Warning: SPOILERS ahead for Transformers: The Last Knight
The Transformers movies have, from the beginning, been preoccupied with "secret history" subplots of the type popularized by the last decade or so of The History Channel - i.e. elaborate conspiracy theories wherein seemingly disparate events of the past are revealed to be part of an even more elaborate long-term calamity that has (without fail) been "covered up for centuries!" but also ever on the cusp of "blowing wide open!" with earthshaking implications for all of humanity.
This particular strain of pseudo-history in the franchise mythos (an angle that is largely unique to the Michael Bay-directed films and does not figure nearly as prominently in most of the pre-film Transformers animated or comic adaptations) first rears its head in the original film, with the reveal of a great deal of modern technology having been reverse-engineered from research conducted on the frozen body of Megatron. Transformers: Revenge of The Fallen raises the bar by having The Fallen turn out to be the inspiration for Ancient Egypt's gods and the construction of the pyramids, and future sequels would work Cybertronian visitors into everything from the Moon Landing to the extinction of the dinosaurs.
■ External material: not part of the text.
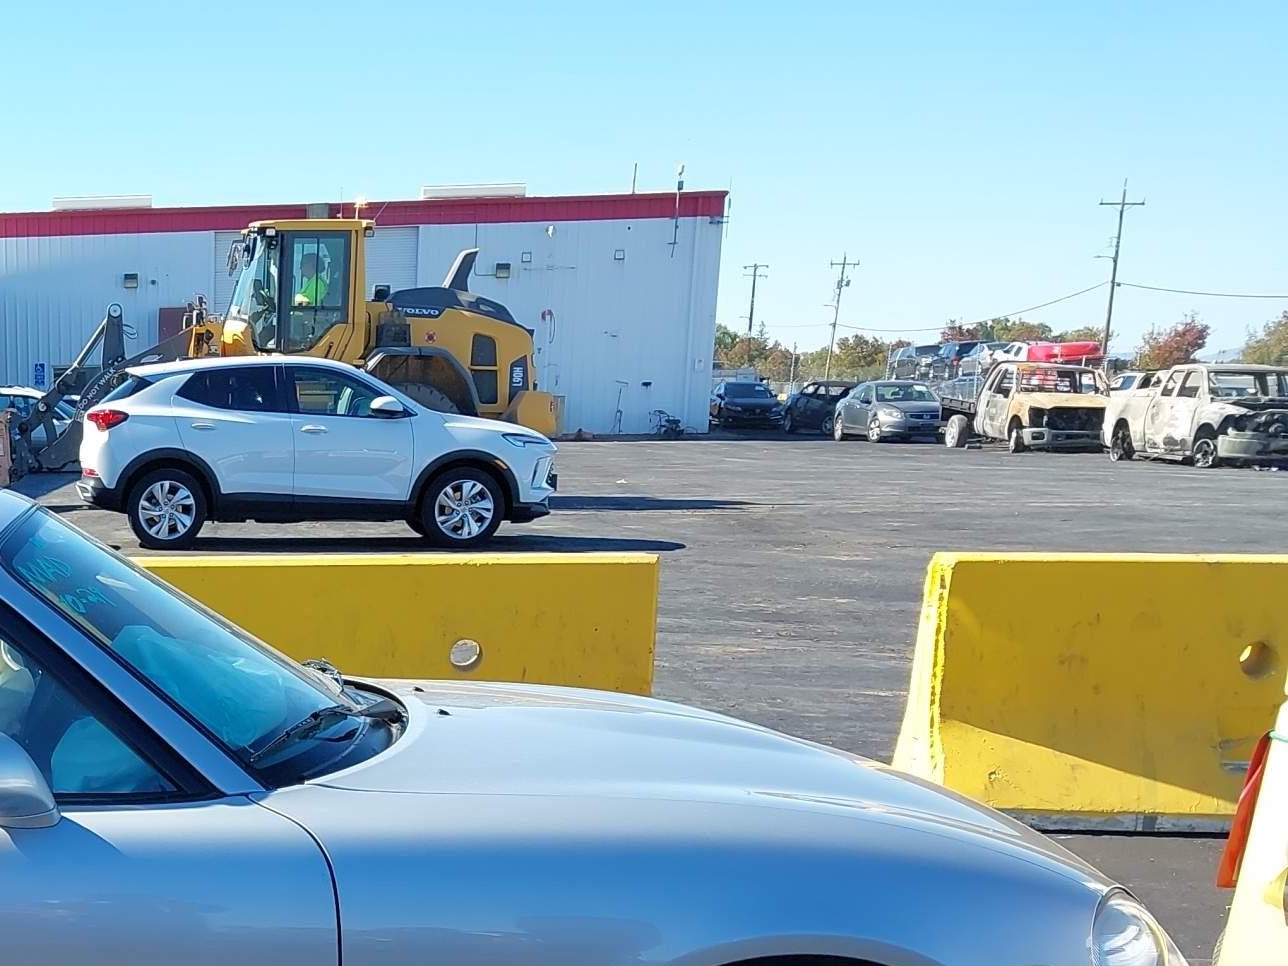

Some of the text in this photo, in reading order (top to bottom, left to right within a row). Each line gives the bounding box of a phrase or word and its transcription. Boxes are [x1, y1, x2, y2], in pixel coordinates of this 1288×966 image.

[397, 307, 439, 316] VOLVO
[511, 367, 523, 387] L90H
[78, 367, 116, 410] DO NOT WALK
But now, Transformers: The Last Knight steps up to reveal (or, rather, invent and retroactively insert into the mythos for effect, but why quibble the semantics in a five-movie series about robots disguised as various cars?) that the true history of Transformers on Earth goes deeper and spreads broader than we ever previously imagined - not simply filling in some key gaps in Autobot and Decepticon history but upending the entire setup of the franchise with new reimagined origins for both Cybertron... and Earth itself.
WHAT WE ALREADY KNEW
To be fair, that the Transformers have been a regular presence on Earth for at least as long as modern man has (probably much longer) isn't exactly news. Almost every film after the first has gone back to the "actually, there were Transformers during [Insert-Historical-Event-Here]!" well as part of its plot. In the original, Decepticon leader Megatron crashes on Earth in antiquity while searching for The Allspark and winds up frozen in the Arctic for thousands of years, only to be reawakened in modernity when the great-great grandson of the human explorer who discovered his frozen body in 1897 inadvertently alerts both the Autobots and Decepticons to his presence on Earth.
But in Revenge of The Fallen, it turns out that the ancient ancestors of the Autobots and Decepticons ("The Fallen" and "The Primes") also warred on Earth over The Matrix of Leadership long before Megatron (attempted) to show up. In that same film, we also learn that at least some Transformers are suspected to have been on Earth for many centuries prior disguised as archaic machinery - though how long they'd been there to begin with, how many there were, and what the "Robots in Disguise" disguised themselves as prior to the Industrial Revolution was left unexplained. (Oh, and The Fallen were actually the "ancient aliens" who inspired the gods of Egypt and The Great Pyramid was actually a giant sun-draining doomsday weapon. That seems like something that would be of long-term importance, but it actually never comes up again.)
Dark of The Moon, the second sequel, is all about cover-ups within the Transformer community itself. We learn that the Apollo Moon Mission was actually dispatched to explore an Autobot ship discovered crashed on the Moon, and when the present-day Autobots find out they excavate it and find that it was the ship of their original leader "Sentinel Prime." Bad news: It turns out that the reason both Sentinel Prime and Megatron had crashed on or near Earth is that they were planning to meet there and strike a "peace deal" that would have seen Earth destroyed in order to recreate war-ravaged Cybertron - the Transformer homeworld that had been ripped apart by the eons-old Autobot/Decepticon civil war.
To save the Earth, Optimus Prime both kills Sentinel Prime and stops the process of transporting Cybertron into near-Earth orbit, leaving the planet in an even more devastated state than it already was and seemingly leaving Earth as the remaining Transformers new home. That turns out to be more bad news, as sequel #3 "Age of Extinction" picks up in the near-future with humanity having declared war on Transformers of all alignment - in part because of a deal struck between an evil tech corporation looking to produce "bootleg" Transformers of their own, the American CIA and a group of Transformer-hunting robot aliens who claim to be working at the behest of the Cybertronians' unnamed original Creators.
In the process of sorting this out, we learn that "The Creators" are not exactly benevolent gods: The special material ("Transformium") that they used to create the Cybertronian races is produced on a planetary scale using terraforming "bombs" that kill and convert all plant and animal life into said Transformium - and it was this process that caused the mass-extinction of the dinosaurs on Earth. It's implied that this process was resisted (or, at least, observed with disapproval) by some Transformers already on or near Earth at the time, as Optimus Prime discovers and frees a group of ancient Autobot Knights whose alt-modes are modeled on Earth dinosaurs from the collector's slave-ship. Imbued with renewed sense that he's not getting the whole story about his own origins, Prime blasts off for deep space to find and confront the Creators face-to-face. Which just about brings us up to The Last Knight.